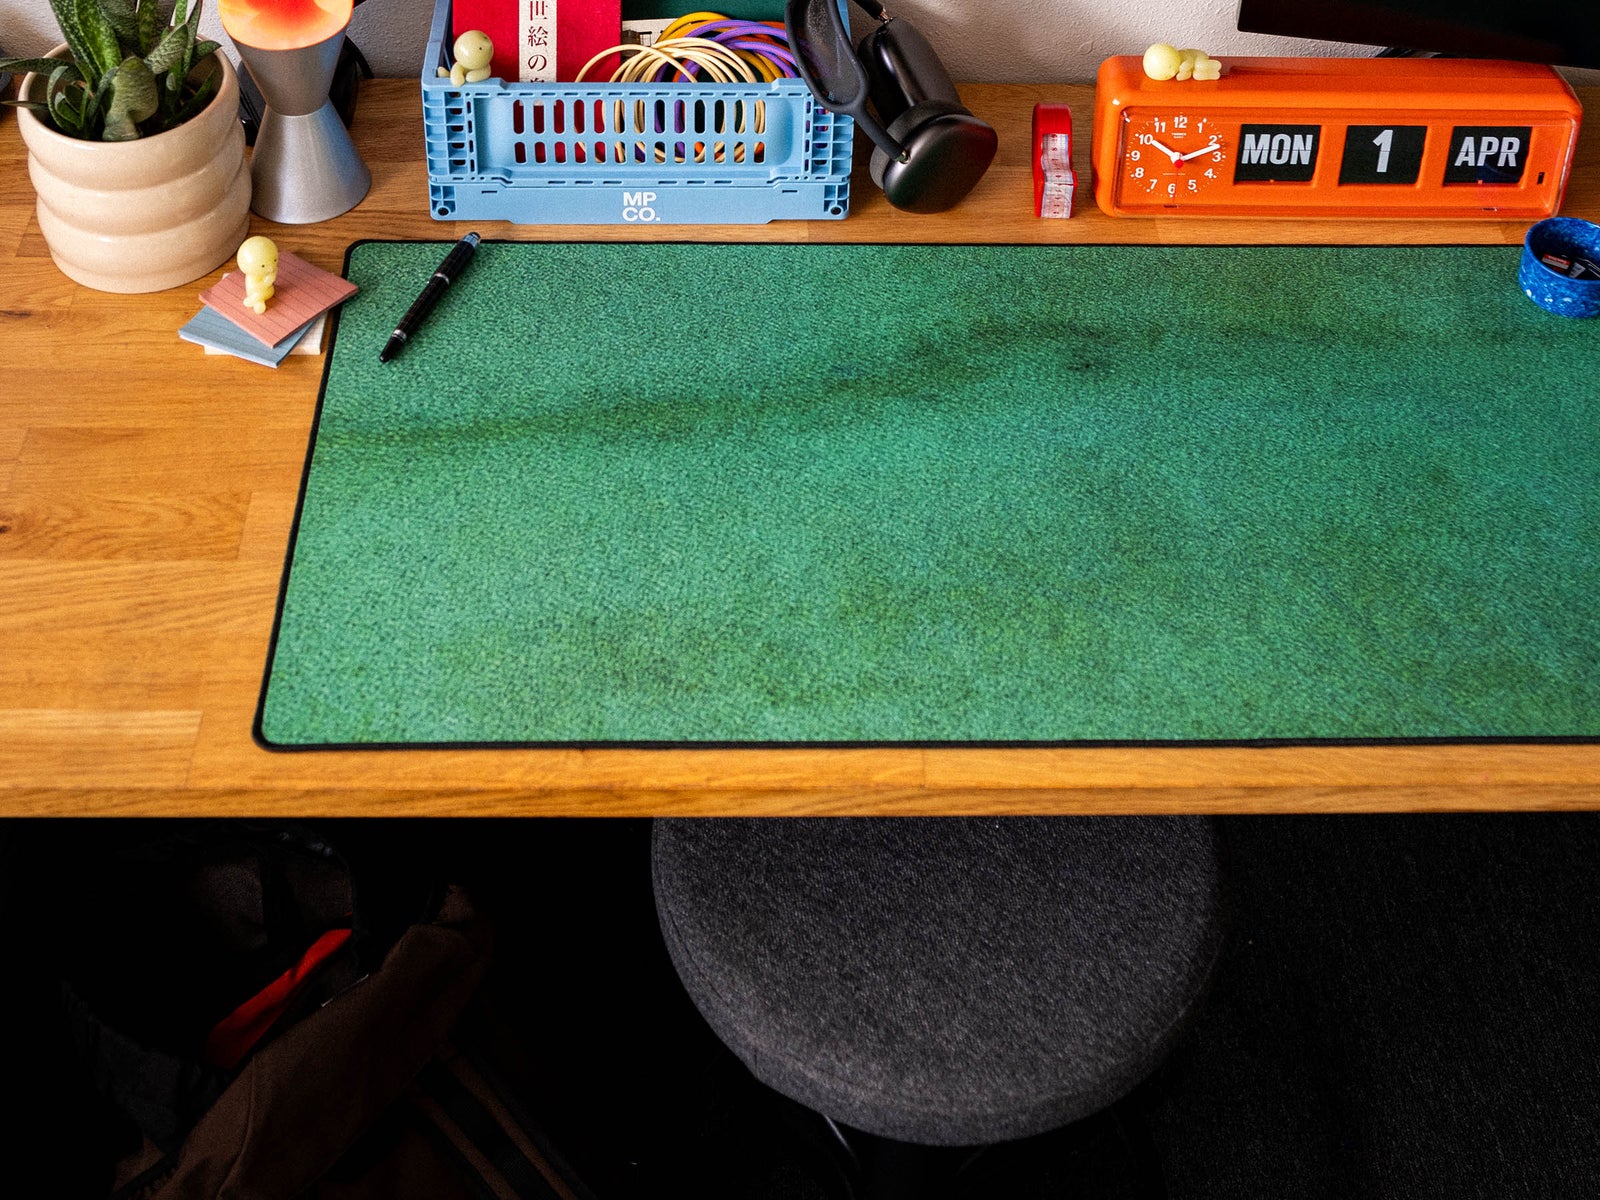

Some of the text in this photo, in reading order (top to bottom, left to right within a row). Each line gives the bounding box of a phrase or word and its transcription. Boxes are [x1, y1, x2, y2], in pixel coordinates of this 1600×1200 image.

[1154, 121, 1166, 133] 11
[1173, 116, 1188, 129] 12
[1197, 122, 1203, 134] 1
[1138, 133, 1153, 145] 10
[1208, 135, 1218, 146] 2
[1130, 150, 1141, 161] 9
[1211, 151, 1221, 162] 3
[1241, 129, 1520, 173] MON 1 APR
[1134, 167, 1144, 178] 8
[1203, 168, 1214, 179] 4
[1149, 178, 1158, 190] 7
[1167, 183, 1176, 194] 6
[1187, 179, 1197, 190] 5
[623, 191, 657, 206] MP
[622, 206, 661, 222] CO.
-------
WORK REQUEST:
Output all the entries above verbatim, please. No images.

TASK OUTPUT:
Some of the text in this photo, in reading order (top to bottom, left to right within a row). Each line gives the bounding box of a phrase or word and its transcription. Boxes are [x1, y1, x2, y2], in pixel coordinates of this 1600×1200 image.

[1154, 121, 1166, 133] 11
[1173, 116, 1188, 129] 12
[1197, 122, 1203, 134] 1
[1138, 133, 1153, 145] 10
[1208, 135, 1218, 146] 2
[1130, 150, 1141, 161] 9
[1211, 151, 1221, 162] 3
[1241, 129, 1520, 173] MON 1 APR
[1134, 167, 1144, 178] 8
[1203, 168, 1214, 179] 4
[1149, 178, 1158, 190] 7
[1167, 183, 1176, 194] 6
[1187, 179, 1197, 190] 5
[623, 191, 657, 206] MP
[622, 206, 661, 222] CO.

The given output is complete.